Excerpts from a dataset
• • •

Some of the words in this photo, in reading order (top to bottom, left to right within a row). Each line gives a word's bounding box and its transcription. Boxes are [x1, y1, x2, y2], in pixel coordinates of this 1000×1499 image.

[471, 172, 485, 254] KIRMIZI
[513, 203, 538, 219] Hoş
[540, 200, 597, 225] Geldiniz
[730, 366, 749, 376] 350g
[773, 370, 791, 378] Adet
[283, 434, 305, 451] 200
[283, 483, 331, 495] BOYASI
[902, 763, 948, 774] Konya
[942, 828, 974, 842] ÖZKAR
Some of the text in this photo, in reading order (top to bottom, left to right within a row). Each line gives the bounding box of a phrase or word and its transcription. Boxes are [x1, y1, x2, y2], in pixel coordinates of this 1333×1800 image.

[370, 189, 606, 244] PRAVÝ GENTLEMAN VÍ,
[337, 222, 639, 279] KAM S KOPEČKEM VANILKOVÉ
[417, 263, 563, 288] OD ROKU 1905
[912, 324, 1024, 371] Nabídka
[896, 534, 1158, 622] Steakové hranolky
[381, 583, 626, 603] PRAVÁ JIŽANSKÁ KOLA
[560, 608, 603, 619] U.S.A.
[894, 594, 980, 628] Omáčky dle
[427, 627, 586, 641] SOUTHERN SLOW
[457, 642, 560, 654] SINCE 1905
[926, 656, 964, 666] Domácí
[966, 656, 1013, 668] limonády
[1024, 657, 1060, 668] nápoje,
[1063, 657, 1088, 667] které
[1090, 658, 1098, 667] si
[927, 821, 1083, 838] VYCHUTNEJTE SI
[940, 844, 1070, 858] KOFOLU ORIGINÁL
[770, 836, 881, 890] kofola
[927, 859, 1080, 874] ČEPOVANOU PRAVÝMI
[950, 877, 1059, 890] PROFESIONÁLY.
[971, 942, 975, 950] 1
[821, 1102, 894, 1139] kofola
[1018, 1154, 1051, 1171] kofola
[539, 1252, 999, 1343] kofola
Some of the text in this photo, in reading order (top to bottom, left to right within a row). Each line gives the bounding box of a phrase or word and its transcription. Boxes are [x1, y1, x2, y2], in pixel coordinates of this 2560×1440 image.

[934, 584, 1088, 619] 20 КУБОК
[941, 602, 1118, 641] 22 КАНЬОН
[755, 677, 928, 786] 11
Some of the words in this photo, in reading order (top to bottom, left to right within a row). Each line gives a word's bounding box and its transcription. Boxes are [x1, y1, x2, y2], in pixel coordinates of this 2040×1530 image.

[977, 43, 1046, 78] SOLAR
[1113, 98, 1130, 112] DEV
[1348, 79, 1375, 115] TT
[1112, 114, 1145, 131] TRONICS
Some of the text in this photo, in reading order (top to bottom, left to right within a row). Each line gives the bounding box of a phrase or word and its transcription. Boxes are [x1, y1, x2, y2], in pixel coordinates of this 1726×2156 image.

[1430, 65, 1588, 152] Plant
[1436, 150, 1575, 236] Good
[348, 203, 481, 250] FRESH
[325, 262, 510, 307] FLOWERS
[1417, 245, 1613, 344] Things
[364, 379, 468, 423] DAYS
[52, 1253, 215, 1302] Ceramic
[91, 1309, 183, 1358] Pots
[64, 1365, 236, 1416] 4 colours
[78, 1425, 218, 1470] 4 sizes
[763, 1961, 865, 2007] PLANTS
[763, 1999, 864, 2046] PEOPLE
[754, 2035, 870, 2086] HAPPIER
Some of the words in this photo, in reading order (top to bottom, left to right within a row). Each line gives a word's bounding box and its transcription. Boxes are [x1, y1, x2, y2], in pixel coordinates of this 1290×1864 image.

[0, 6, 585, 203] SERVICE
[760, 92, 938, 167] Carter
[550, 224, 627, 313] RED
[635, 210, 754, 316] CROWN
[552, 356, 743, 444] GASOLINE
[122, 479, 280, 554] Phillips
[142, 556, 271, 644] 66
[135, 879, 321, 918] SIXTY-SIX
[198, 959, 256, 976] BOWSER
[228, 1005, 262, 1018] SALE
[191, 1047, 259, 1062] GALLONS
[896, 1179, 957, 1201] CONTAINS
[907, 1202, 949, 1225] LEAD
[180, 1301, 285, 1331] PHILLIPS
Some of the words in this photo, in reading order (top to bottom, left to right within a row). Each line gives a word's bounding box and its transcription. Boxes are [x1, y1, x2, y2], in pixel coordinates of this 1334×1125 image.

• • •

**ASSIGNED TASK**.
Once more, write out the records exactly as they are.

**RESULT**.
Some of the words in this photo, in reading order (top to bottom, left to right within a row). Each line gives a word's bounding box and its transcription. Boxes are [x1, y1, x2, y2], in pixel coordinates of this 1000×1499 image.

[471, 172, 485, 254] KIRMIZI
[513, 203, 538, 219] Hoş
[540, 200, 597, 225] Geldiniz
[730, 366, 749, 376] 350g
[773, 370, 791, 378] Adet
[283, 434, 305, 451] 200
[283, 483, 331, 495] BOYASI
[902, 763, 948, 774] Konya
[942, 828, 974, 842] ÖZKAR
Some of the text in this photo, in reading order (top to bottom, left to right within a row). Each line gives the bounding box of a phrase or word and its transcription. Boxes are [x1, y1, x2, y2], in pixel coordinates of this 1333×1800 image.

[370, 189, 606, 244] PRAVÝ GENTLEMAN VÍ,
[337, 222, 639, 279] KAM S KOPEČKEM VANILKOVÉ
[417, 263, 563, 288] OD ROKU 1905
[912, 324, 1024, 371] Nabídka
[896, 534, 1158, 622] Steakové hranolky
[381, 583, 626, 603] PRAVÁ JIŽANSKÁ KOLA
[560, 608, 603, 619] U.S.A.
[894, 594, 980, 628] Omáčky dle
[427, 627, 586, 641] SOUTHERN SLOW
[457, 642, 560, 654] SINCE 1905
[926, 656, 964, 666] Domácí
[966, 656, 1013, 668] limonády
[1024, 657, 1060, 668] nápoje,
[1063, 657, 1088, 667] které
[1090, 658, 1098, 667] si
[927, 821, 1083, 838] VYCHUTNEJTE SI
[940, 844, 1070, 858] KOFOLU ORIGINÁL
[770, 836, 881, 890] kofola
[927, 859, 1080, 874] ČEPOVANOU PRAVÝMI
[950, 877, 1059, 890] PROFESIONÁLY.
[971, 942, 975, 950] 1
[821, 1102, 894, 1139] kofola
[1018, 1154, 1051, 1171] kofola
[539, 1252, 999, 1343] kofola
Some of the text in this photo, in reading order (top to bottom, left to right within a row). Each line gives the bounding box of a phrase or word and its transcription. Boxes are [x1, y1, x2, y2], in pixel coordinates of this 2560×1440 image.

[934, 584, 1088, 619] 20 КУБОК
[941, 602, 1118, 641] 22 КАНЬОН
[755, 677, 928, 786] 11
Some of the words in this photo, in reading order (top to bottom, left to right within a row). Each line gives a word's bounding box and its transcription. Boxes are [x1, y1, x2, y2], in pixel coordinates of this 2040×1530 image.

[977, 43, 1046, 78] SOLAR
[1113, 98, 1130, 112] DEV
[1348, 79, 1375, 115] TT
[1112, 114, 1145, 131] TRONICS
Some of the text in this photo, in reading order (top to bottom, left to right within a row). Each line gives the bounding box of a phrase or word and its transcription. Boxes are [x1, y1, x2, y2], in pixel coordinates of this 1726×2156 image.

[1430, 65, 1588, 152] Plant
[1436, 150, 1575, 236] Good
[348, 203, 481, 250] FRESH
[325, 262, 510, 307] FLOWERS
[1417, 245, 1613, 344] Things
[364, 379, 468, 423] DAYS
[52, 1253, 215, 1302] Ceramic
[91, 1309, 183, 1358] Pots
[64, 1365, 236, 1416] 4 colours
[78, 1425, 218, 1470] 4 sizes
[763, 1961, 865, 2007] PLANTS
[763, 1999, 864, 2046] PEOPLE
[754, 2035, 870, 2086] HAPPIER
Some of the words in this photo, in reading order (top to bottom, left to right within a row). Each line gives a word's bounding box and its transcription. Boxes are [x1, y1, x2, y2], in pixel coordinates of this 1290×1864 image.

[0, 6, 585, 203] SERVICE
[760, 92, 938, 167] Carter
[550, 224, 627, 313] RED
[635, 210, 754, 316] CROWN
[552, 356, 743, 444] GASOLINE
[122, 479, 280, 554] Phillips
[142, 556, 271, 644] 66
[135, 879, 321, 918] SIXTY-SIX
[198, 959, 256, 976] BOWSER
[228, 1005, 262, 1018] SALE
[191, 1047, 259, 1062] GALLONS
[896, 1179, 957, 1201] CONTAINS
[907, 1202, 949, 1225] LEAD
[180, 1301, 285, 1331] PHILLIPS
Some of the words in this photo, in reading order (top to bottom, left to right within a row). Each line gives a word's bounding box and its transcription. Boxes are [x1, y1, x2, y2], in pixel coordinates of this 1334×1125 image.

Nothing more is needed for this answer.